However, despite this bulk of information, several knowledge gaps still exist about the behavior and characteristics of naturally-occurring nanoplastics. Nanobeads synthesized in the framework of colloidal chemistry, following bottom-up approaches, share no analogies with nanoplastics forming in nature, following top-down degradation pathways.¹⁷ Pristine nanoparticles usually are uniform in size, shape, composition, while naturally-occurring nanoplastics are expected to be highly heterogeneous in size, have irregular shapes, and complex surface chemistry (Fig. 1).^31,32 There is an urgent need to create nanomaterials that better reflect the real characteristics of nanoplastics naturally formed, viz. true-to-life nanoplastics (T2LNPs), to close the gap between the laboratory parameters and the rules of nature, and to provide more realistic understandings of the characteristics of nanoplastics. To date, some attempts have been made to generate micro- and nanoplastics by fragmentation procedures, following different top-down approaches mimicking the natural processes of environmental degradation.^32–37 These approaches cannot account for all the simultaneous mechanisms that contribute to the degradation of plastic in nature, but represent a step forward in closing the gap in the nanotoxicology of environmental samples.
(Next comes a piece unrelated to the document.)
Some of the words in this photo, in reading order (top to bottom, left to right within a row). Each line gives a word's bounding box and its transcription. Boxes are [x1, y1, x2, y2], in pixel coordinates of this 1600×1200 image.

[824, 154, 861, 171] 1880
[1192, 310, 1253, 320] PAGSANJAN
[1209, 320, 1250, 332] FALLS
Fig. 1 The synthetic and the true-to-life approaches for generating nanoplastics for controlled experiments.

Nevertheless, interactions of fragmentally generated nanoplastics and biological systems are far from being understood. When a nanoparticle gets in contact with a complex biological environment, its surface is immediately covered by different biomolecules that form a biological corona.³⁸ Currently, the protein component of this interaction is traditionally the most studied in nanoplastic toxicology.^39–44

Expanding the environmental dimensions of the protein corona is now growing attention in the bio–nano interaction research field.⁴⁵ The eco-corona that forms upon nanomaterials as they enter the environment may include not only proteins, but also a diverse array of other biomolecules and/or natural organic matter, defining a dynamic and complex system. Nevertheless, the prominent role of proteins in receptor engagement and signalling and their established monitoring and structural characterization promote proteins to a key role in studies of eco-coronas. The proteins within the eco-corona are optimal targets to establish the biophysicochemical principles of corona formation and transformation, as well as downstream impacts on nanomaterial uptake, distribution and impacts on the environment. Moreover, the protein corona provides a new identity to nanoparticles and determines their interactions and effects on cells, tissues, and organisms,³⁸ leading to a unique characteristic compared with natural organic matter.⁴⁵

Research on protein corona formation onto an inorganic nanoparticle surface is extensive, demonstrating that different nanoparticle characteristics, such as chemical identity,⁴⁶ size,⁴⁷ shape⁴⁸ and surface functionalization,⁴⁹ can influence the type of protein adsorbed. Against this background, there is no reason for environmental nanoplastics to share the same behavior of synthetic nanobeads.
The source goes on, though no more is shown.